WHAT YOU NEED TO DO>
A verbatim copy of every record is required, and no pictures should be included.

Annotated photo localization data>
[Start of section]

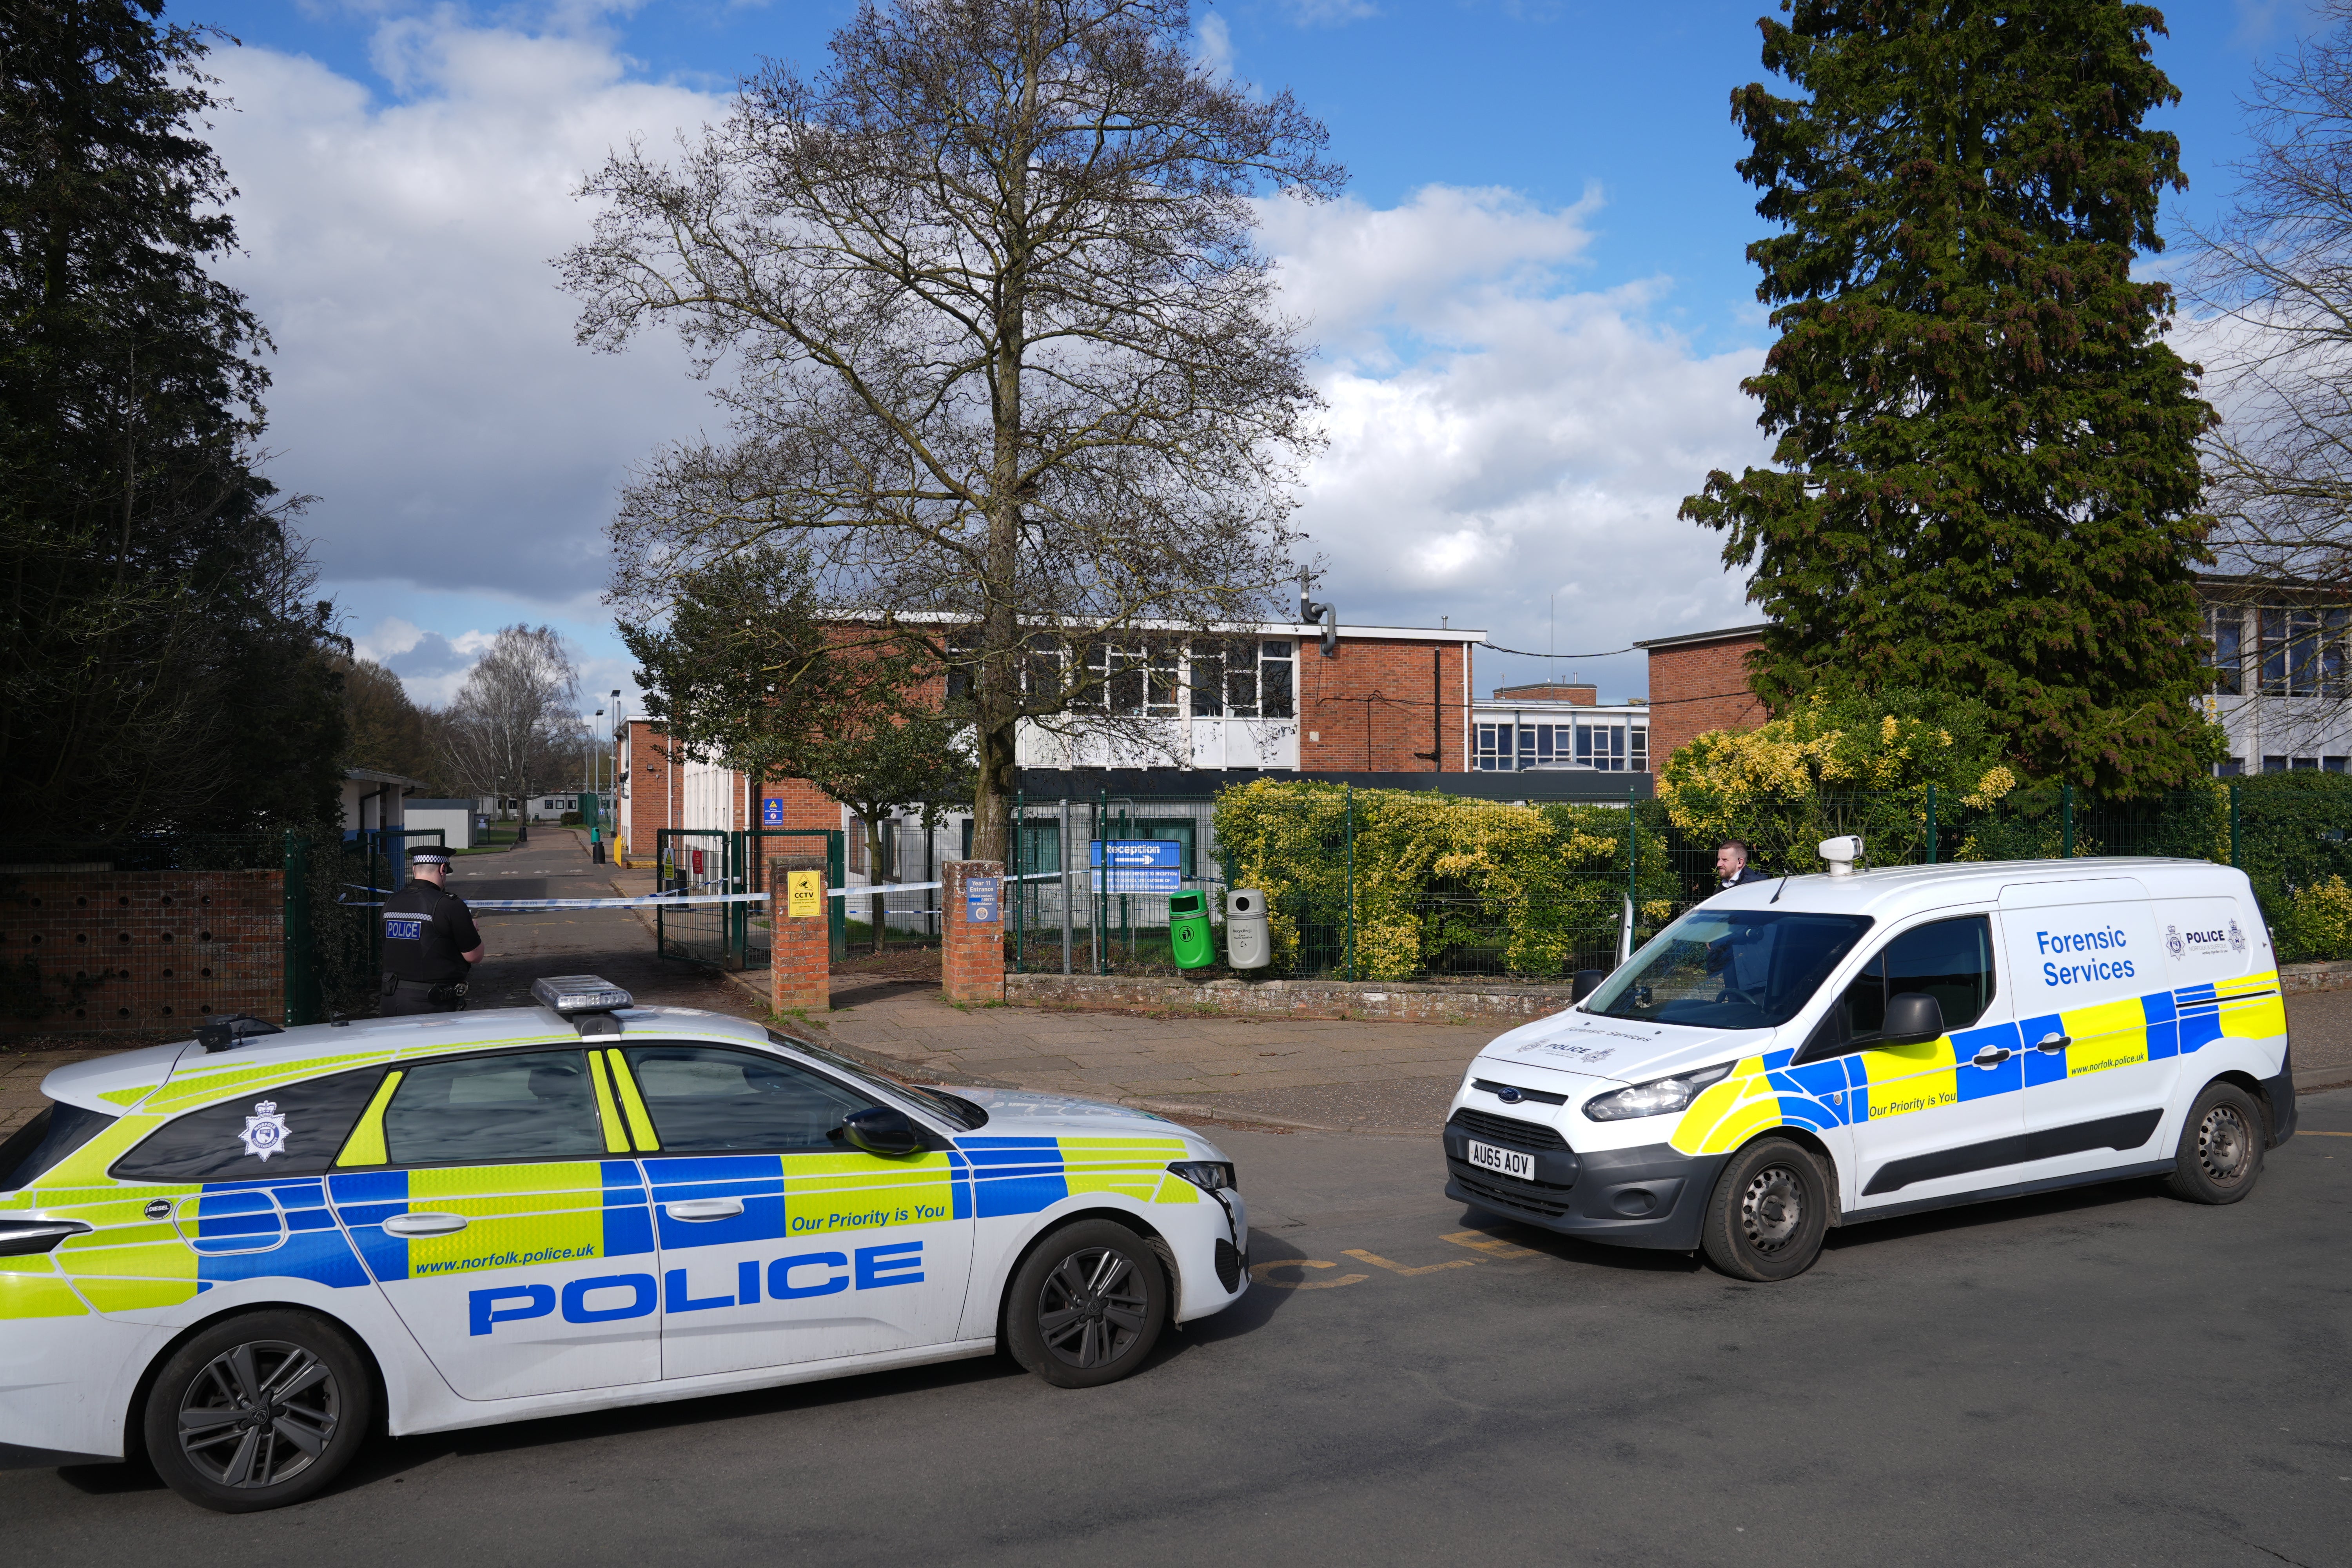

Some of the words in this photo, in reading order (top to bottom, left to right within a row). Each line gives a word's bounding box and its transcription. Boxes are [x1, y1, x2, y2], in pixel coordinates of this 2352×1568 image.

[1107, 845, 1160, 855] Reception
[388, 922, 417, 937] POLICE
[2186, 930, 2225, 944] POLICE
[2036, 925, 2126, 955] Forensic
[2043, 958, 2135, 986] Services
[1606, 1031, 1652, 1042] Services
[1544, 1044, 1592, 1054] POLICE
[2071, 1053, 2144, 1075] www.norfolk.police.uk
[1501, 1089, 1515, 1098] Ford
[1869, 1106, 1887, 1117] Our
[1890, 1098, 1925, 1113] Priority
[1928, 1096, 1935, 1105] is
[1938, 1093, 1956, 1103] You
[254, 1122, 277, 1131] NORFOLK
[252, 1136, 278, 1148] CONSTABULARY
[1474, 1144, 1501, 1168] AU65
[1504, 1152, 1528, 1174] AOV
[792, 1216, 824, 1231] Our
[828, 1210, 890, 1227] Priority
[895, 1207, 908, 1221] is
[915, 1205, 945, 1219] You
[416, 1243, 595, 1274] www.norfolk.police.uk
[469, 1241, 924, 1336] POLICE

[End of section]

EXPECTED OUTPUT>
Some of the words in this photo, in reading order (top to bottom, left to right within a row). Each line gives a word's bounding box and its transcription. Boxes are [x1, y1, x2, y2], in pixel coordinates of this 2352×1568 image.

[1107, 845, 1160, 855] Reception
[388, 922, 417, 937] POLICE
[2186, 930, 2225, 944] POLICE
[2036, 925, 2126, 955] Forensic
[2043, 958, 2135, 986] Services
[1606, 1031, 1652, 1042] Services
[1544, 1044, 1592, 1054] POLICE
[2071, 1053, 2144, 1075] www.norfolk.police.uk
[1501, 1089, 1515, 1098] Ford
[1869, 1106, 1887, 1117] Our
[1890, 1098, 1925, 1113] Priority
[1928, 1096, 1935, 1105] is
[1938, 1093, 1956, 1103] You
[254, 1122, 277, 1131] NORFOLK
[252, 1136, 278, 1148] CONSTABULARY
[1474, 1144, 1501, 1168] AU65
[1504, 1152, 1528, 1174] AOV
[792, 1216, 824, 1231] Our
[828, 1210, 890, 1227] Priority
[895, 1207, 908, 1221] is
[915, 1205, 945, 1219] You
[416, 1243, 595, 1274] www.norfolk.police.uk
[469, 1241, 924, 1336] POLICE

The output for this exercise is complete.